Problem description: Give a verbatim copy of the lines below, minus the pictures.

[Records excerpted from a collection]
+ + +

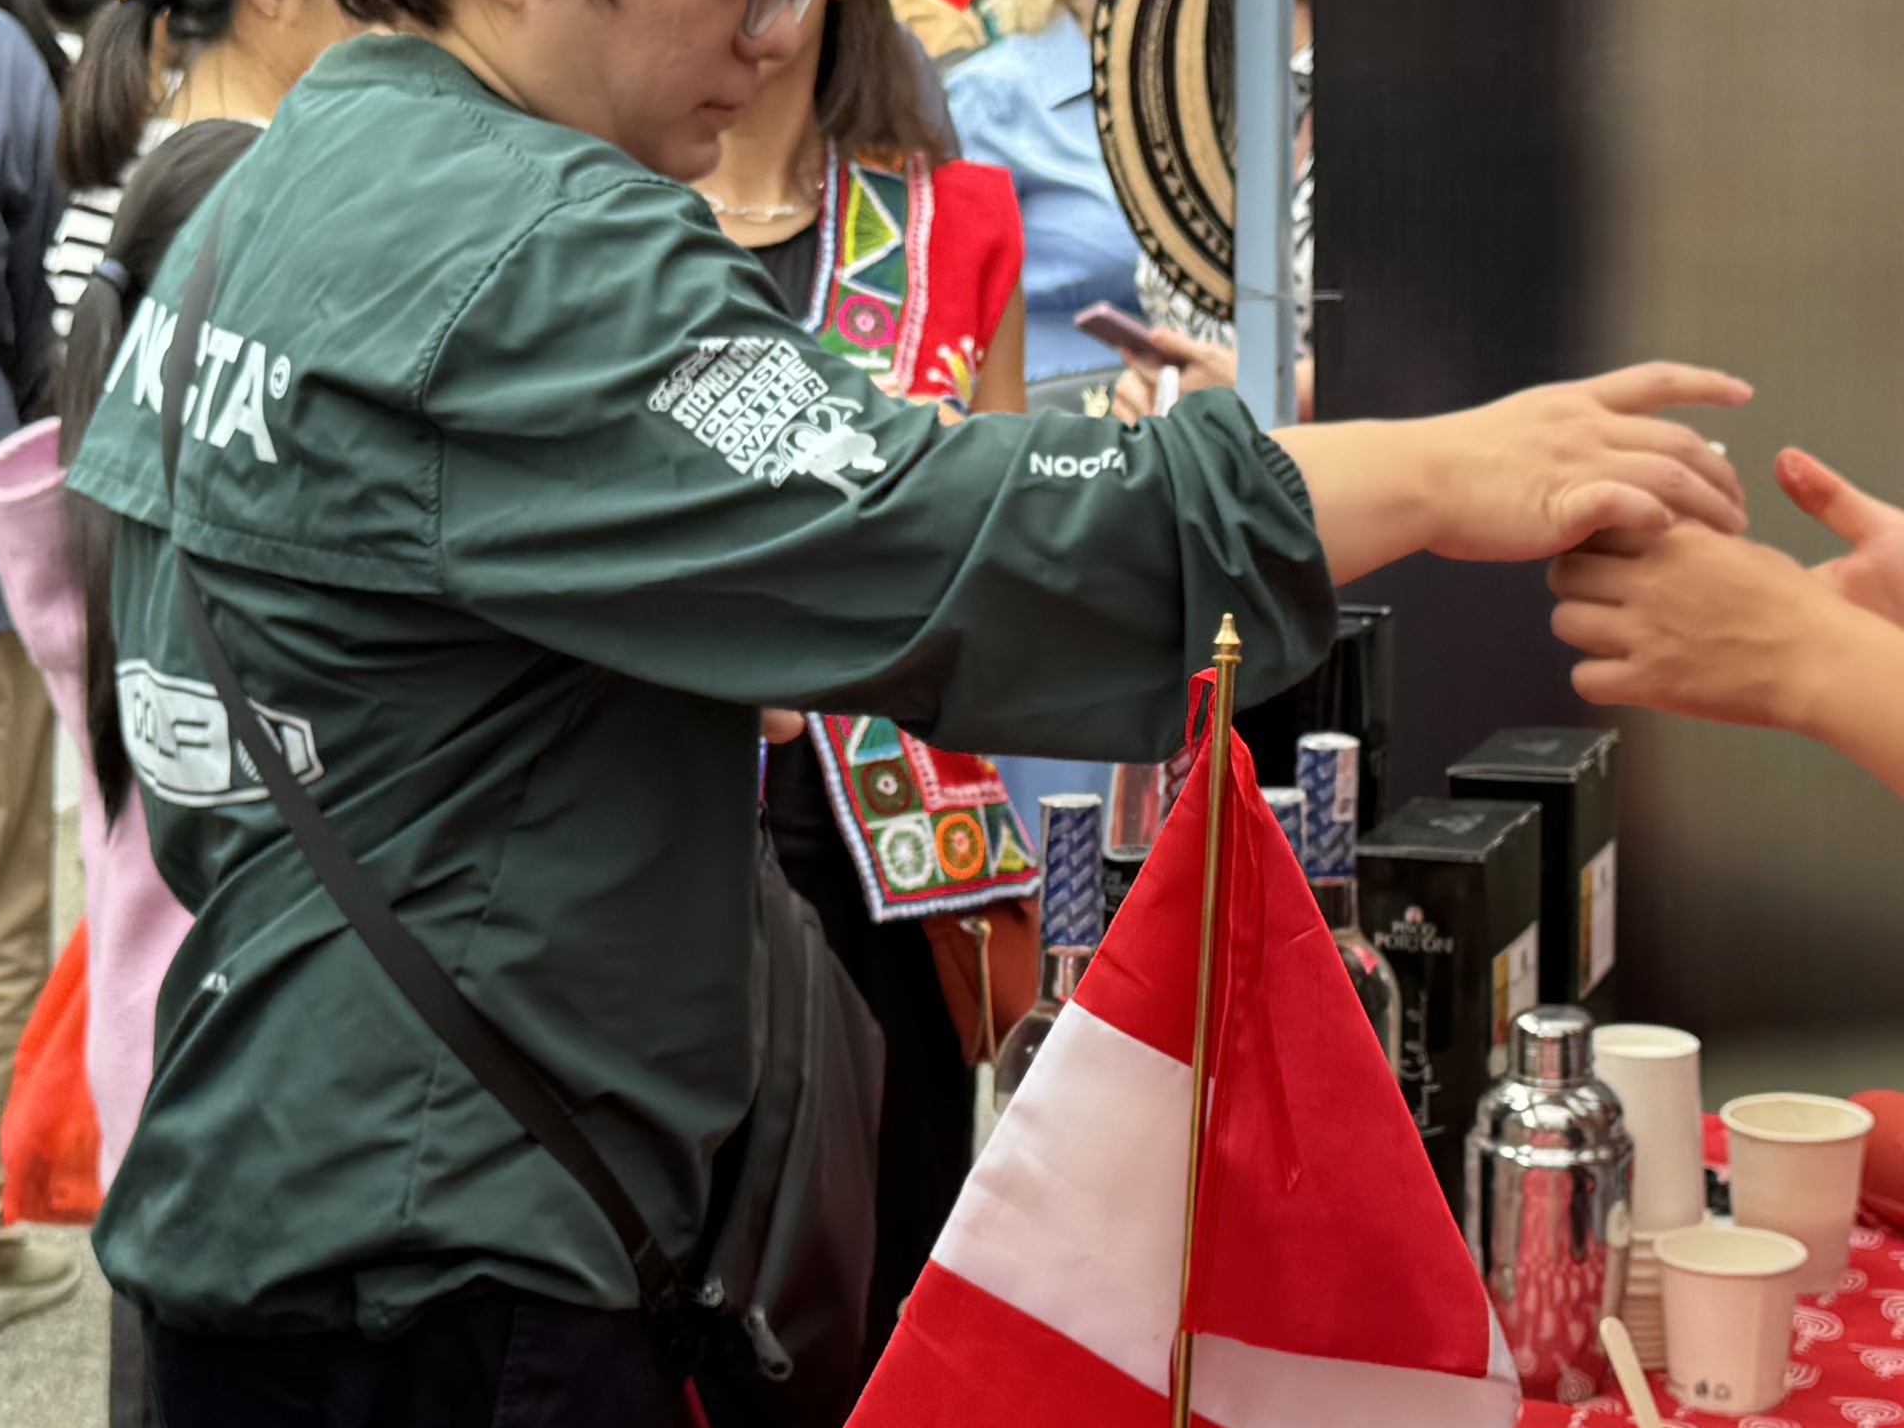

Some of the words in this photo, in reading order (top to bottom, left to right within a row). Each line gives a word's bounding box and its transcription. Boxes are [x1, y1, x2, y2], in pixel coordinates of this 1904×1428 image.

[701, 344, 794, 440] CLASH
[732, 376, 826, 465] WATER
[1029, 448, 1127, 479] NOCTA
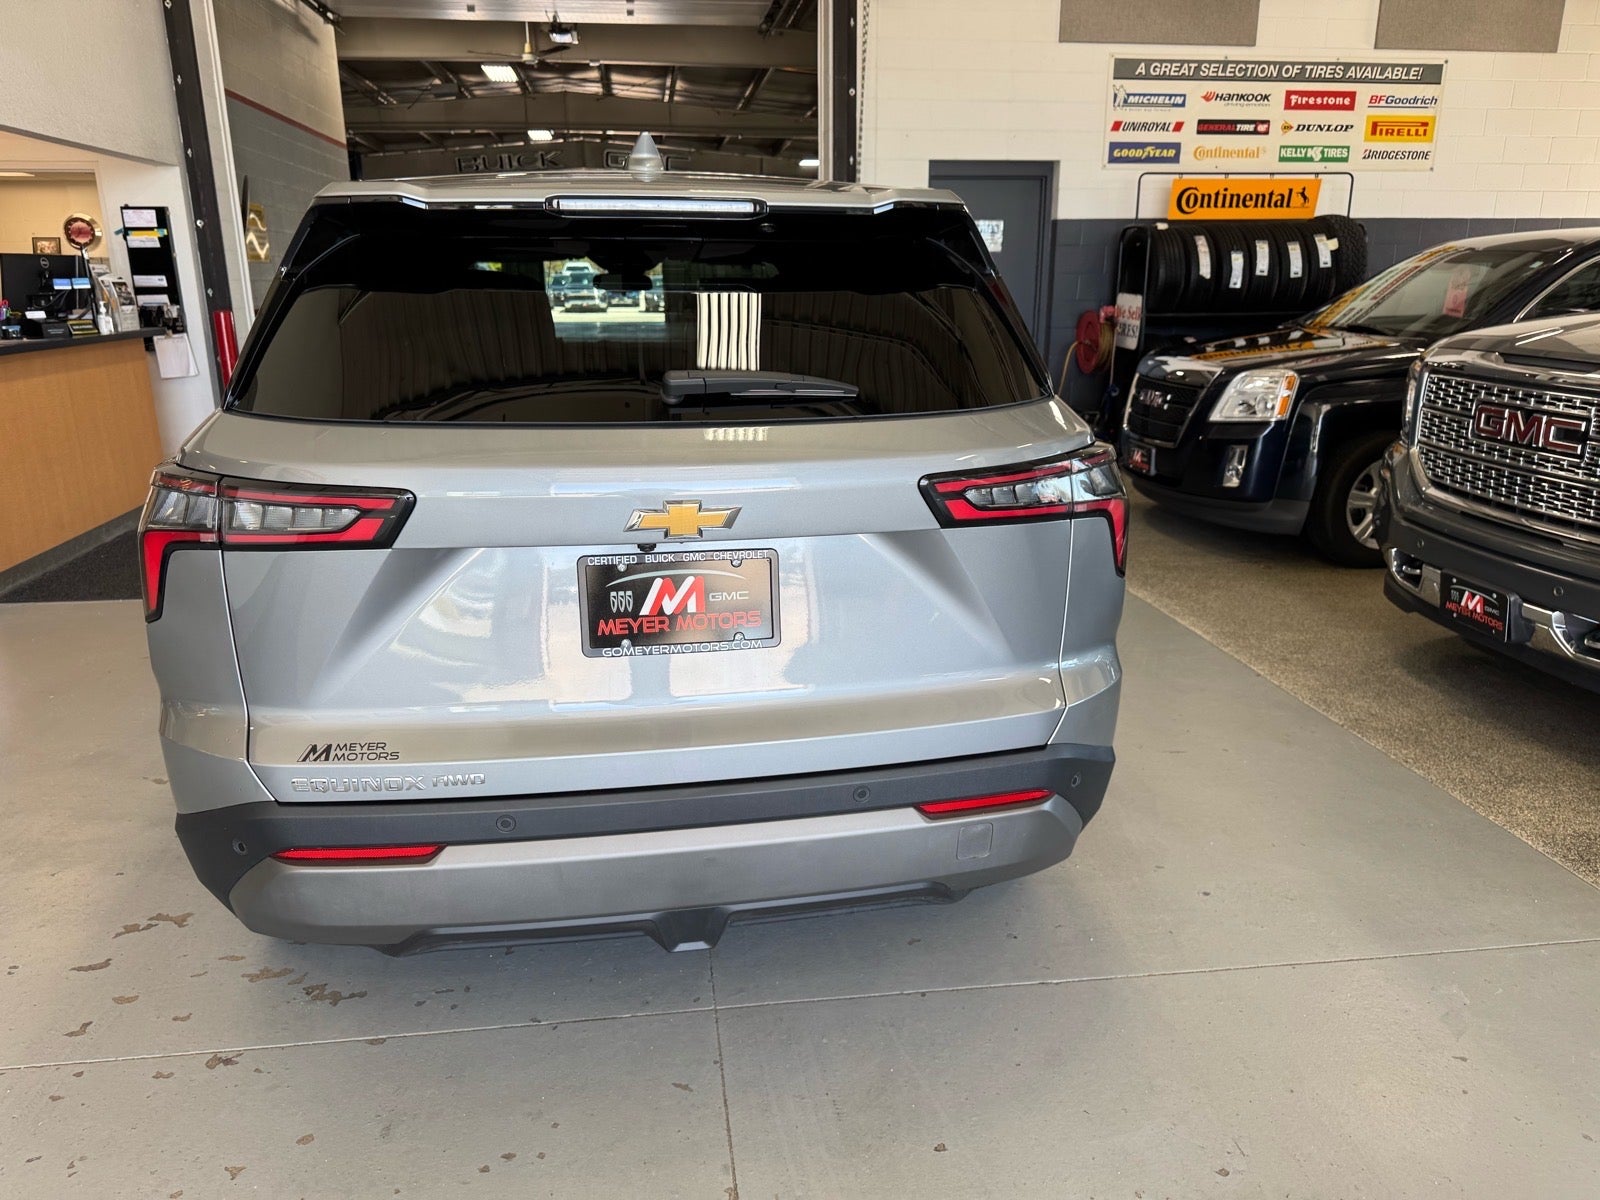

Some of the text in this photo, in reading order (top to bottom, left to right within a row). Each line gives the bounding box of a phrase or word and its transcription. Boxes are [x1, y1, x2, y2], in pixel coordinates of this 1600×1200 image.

[1136, 62, 1424, 80] A GREAT SELECTION OF TIRES AVAILABLE!
[1127, 95, 1184, 105] MICHELIN
[1289, 94, 1351, 107] Firestone
[1368, 94, 1438, 106] BFGoodrich
[1122, 121, 1172, 132] UNIROYAL
[1198, 123, 1235, 132] GENERAL
[1235, 123, 1256, 132] TIRE
[1295, 124, 1354, 132] DUNLOP
[1370, 121, 1429, 137] PIRELLI
[1113, 146, 1176, 160] GOODYEAR
[1193, 144, 1260, 161] Continental
[1280, 147, 1307, 158] KELLY
[1324, 147, 1349, 158] TIRES
[1362, 149, 1432, 161] BRIDGESTONE
[455, 148, 691, 173] BUICK GC
[1176, 186, 1294, 215] Continental
[1474, 404, 1586, 455] GMC
[587, 550, 769, 566] CERTIFIED BUICK GMC CHEVROLET
[709, 591, 749, 601] GMC
[1445, 600, 1504, 631] MEYER MOTORS
[597, 610, 762, 636] MEYER MOTORS
[602, 639, 763, 658] GOMEYERMOTORS.COM
[334, 742, 387, 751] MEYER
[332, 751, 400, 762] MOTORS
[291, 773, 486, 793] EQUINOX AWD

+ + +

Expected answer:
Some of the words in this photo, in reading order (top to bottom, left to right within a row). Each line gives a word's bounding box and its transcription. Boxes are [x1, y1, x2, y2], in pixel coordinates of this 1904×1428 image.

[701, 344, 794, 440] CLASH
[732, 376, 826, 465] WATER
[1029, 448, 1127, 479] NOCTA

Some of the text in this photo, in reading order (top to bottom, left to right within a row). Each line gives the bounding box of a phrase or word and its transcription. Boxes are [x1, y1, x2, y2], in pixel coordinates of this 1600×1200 image.

[1136, 62, 1424, 80] A GREAT SELECTION OF TIRES AVAILABLE!
[1127, 95, 1184, 105] MICHELIN
[1289, 94, 1351, 107] Firestone
[1368, 94, 1438, 106] BFGoodrich
[1122, 121, 1172, 132] UNIROYAL
[1198, 123, 1235, 132] GENERAL
[1235, 123, 1256, 132] TIRE
[1295, 124, 1354, 132] DUNLOP
[1370, 121, 1429, 137] PIRELLI
[1113, 146, 1176, 160] GOODYEAR
[1193, 144, 1260, 161] Continental
[1280, 147, 1307, 158] KELLY
[1324, 147, 1349, 158] TIRES
[1362, 149, 1432, 161] BRIDGESTONE
[455, 148, 691, 173] BUICK GC
[1176, 186, 1294, 215] Continental
[1474, 404, 1586, 455] GMC
[587, 550, 769, 566] CERTIFIED BUICK GMC CHEVROLET
[709, 591, 749, 601] GMC
[1445, 600, 1504, 631] MEYER MOTORS
[597, 610, 762, 636] MEYER MOTORS
[602, 639, 763, 658] GOMEYERMOTORS.COM
[334, 742, 387, 751] MEYER
[332, 751, 400, 762] MOTORS
[291, 773, 486, 793] EQUINOX AWD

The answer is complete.